Records excerpted from a collection:
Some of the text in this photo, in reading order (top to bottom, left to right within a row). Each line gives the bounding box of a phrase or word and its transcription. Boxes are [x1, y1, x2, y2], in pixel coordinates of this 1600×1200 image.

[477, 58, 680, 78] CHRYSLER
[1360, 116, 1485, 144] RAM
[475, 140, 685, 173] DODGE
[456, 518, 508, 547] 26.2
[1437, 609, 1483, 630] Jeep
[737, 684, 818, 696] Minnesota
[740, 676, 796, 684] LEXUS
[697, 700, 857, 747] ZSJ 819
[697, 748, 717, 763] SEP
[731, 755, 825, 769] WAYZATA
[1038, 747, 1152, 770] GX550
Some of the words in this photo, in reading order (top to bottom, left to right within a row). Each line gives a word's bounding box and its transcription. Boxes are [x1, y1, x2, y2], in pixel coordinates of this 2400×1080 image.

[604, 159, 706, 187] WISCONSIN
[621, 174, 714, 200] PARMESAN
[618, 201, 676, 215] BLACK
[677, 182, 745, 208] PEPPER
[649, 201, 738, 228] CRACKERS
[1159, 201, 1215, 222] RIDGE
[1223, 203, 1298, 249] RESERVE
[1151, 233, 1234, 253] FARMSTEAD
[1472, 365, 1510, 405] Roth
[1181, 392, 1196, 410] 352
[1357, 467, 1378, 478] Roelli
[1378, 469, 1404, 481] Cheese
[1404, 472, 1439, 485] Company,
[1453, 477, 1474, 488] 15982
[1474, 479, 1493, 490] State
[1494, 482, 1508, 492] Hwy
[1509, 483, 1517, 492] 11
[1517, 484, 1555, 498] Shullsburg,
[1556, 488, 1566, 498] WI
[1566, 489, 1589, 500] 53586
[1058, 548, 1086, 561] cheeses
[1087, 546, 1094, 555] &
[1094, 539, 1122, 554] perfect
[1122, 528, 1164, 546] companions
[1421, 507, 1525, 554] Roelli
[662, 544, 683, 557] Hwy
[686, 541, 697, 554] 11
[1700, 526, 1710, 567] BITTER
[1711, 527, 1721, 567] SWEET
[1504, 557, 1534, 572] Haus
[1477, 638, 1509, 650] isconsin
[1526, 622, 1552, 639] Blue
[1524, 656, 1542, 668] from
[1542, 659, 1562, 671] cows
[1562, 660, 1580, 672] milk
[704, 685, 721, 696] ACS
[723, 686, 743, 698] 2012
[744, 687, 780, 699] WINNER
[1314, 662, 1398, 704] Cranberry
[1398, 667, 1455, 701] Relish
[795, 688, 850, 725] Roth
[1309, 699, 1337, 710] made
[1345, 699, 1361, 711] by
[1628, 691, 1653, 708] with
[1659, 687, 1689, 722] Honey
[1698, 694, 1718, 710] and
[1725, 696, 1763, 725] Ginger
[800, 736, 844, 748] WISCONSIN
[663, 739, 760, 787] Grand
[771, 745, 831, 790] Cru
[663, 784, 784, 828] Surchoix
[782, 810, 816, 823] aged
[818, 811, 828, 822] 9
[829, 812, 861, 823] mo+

● Prompt: The records above must be transcribed line for line, exactly.

● Response area:
Some of the text in this photo, in reading order (top to bottom, left to right within a row). Each line gives the bounding box of a phrase or word and its transcription. Boxes are [x1, y1, x2, y2], in pixel coordinates of this 1600×1200 image.

[477, 58, 680, 78] CHRYSLER
[1360, 116, 1485, 144] RAM
[475, 140, 685, 173] DODGE
[456, 518, 508, 547] 26.2
[1437, 609, 1483, 630] Jeep
[737, 684, 818, 696] Minnesota
[740, 676, 796, 684] LEXUS
[697, 700, 857, 747] ZSJ 819
[697, 748, 717, 763] SEP
[731, 755, 825, 769] WAYZATA
[1038, 747, 1152, 770] GX550
Some of the words in this photo, in reading order (top to bottom, left to right within a row). Each line gives a word's bounding box and its transcription. Boxes are [x1, y1, x2, y2], in pixel coordinates of this 2400×1080 image.

[604, 159, 706, 187] WISCONSIN
[621, 174, 714, 200] PARMESAN
[618, 201, 676, 215] BLACK
[677, 182, 745, 208] PEPPER
[649, 201, 738, 228] CRACKERS
[1159, 201, 1215, 222] RIDGE
[1223, 203, 1298, 249] RESERVE
[1151, 233, 1234, 253] FARMSTEAD
[1472, 365, 1510, 405] Roth
[1181, 392, 1196, 410] 352
[1357, 467, 1378, 478] Roelli
[1378, 469, 1404, 481] Cheese
[1404, 472, 1439, 485] Company,
[1453, 477, 1474, 488] 15982
[1474, 479, 1493, 490] State
[1494, 482, 1508, 492] Hwy
[1509, 483, 1517, 492] 11
[1517, 484, 1555, 498] Shullsburg,
[1556, 488, 1566, 498] WI
[1566, 489, 1589, 500] 53586
[1058, 548, 1086, 561] cheeses
[1087, 546, 1094, 555] &
[1094, 539, 1122, 554] perfect
[1122, 528, 1164, 546] companions
[1421, 507, 1525, 554] Roelli
[662, 544, 683, 557] Hwy
[686, 541, 697, 554] 11
[1700, 526, 1710, 567] BITTER
[1711, 527, 1721, 567] SWEET
[1504, 557, 1534, 572] Haus
[1477, 638, 1509, 650] isconsin
[1526, 622, 1552, 639] Blue
[1524, 656, 1542, 668] from
[1542, 659, 1562, 671] cows
[1562, 660, 1580, 672] milk
[704, 685, 721, 696] ACS
[723, 686, 743, 698] 2012
[744, 687, 780, 699] WINNER
[1314, 662, 1398, 704] Cranberry
[1398, 667, 1455, 701] Relish
[795, 688, 850, 725] Roth
[1309, 699, 1337, 710] made
[1345, 699, 1361, 711] by
[1628, 691, 1653, 708] with
[1659, 687, 1689, 722] Honey
[1698, 694, 1718, 710] and
[1725, 696, 1763, 725] Ginger
[800, 736, 844, 748] WISCONSIN
[663, 739, 760, 787] Grand
[771, 745, 831, 790] Cru
[663, 784, 784, 828] Surchoix
[782, 810, 816, 823] aged
[818, 811, 828, 822] 9
[829, 812, 861, 823] mo+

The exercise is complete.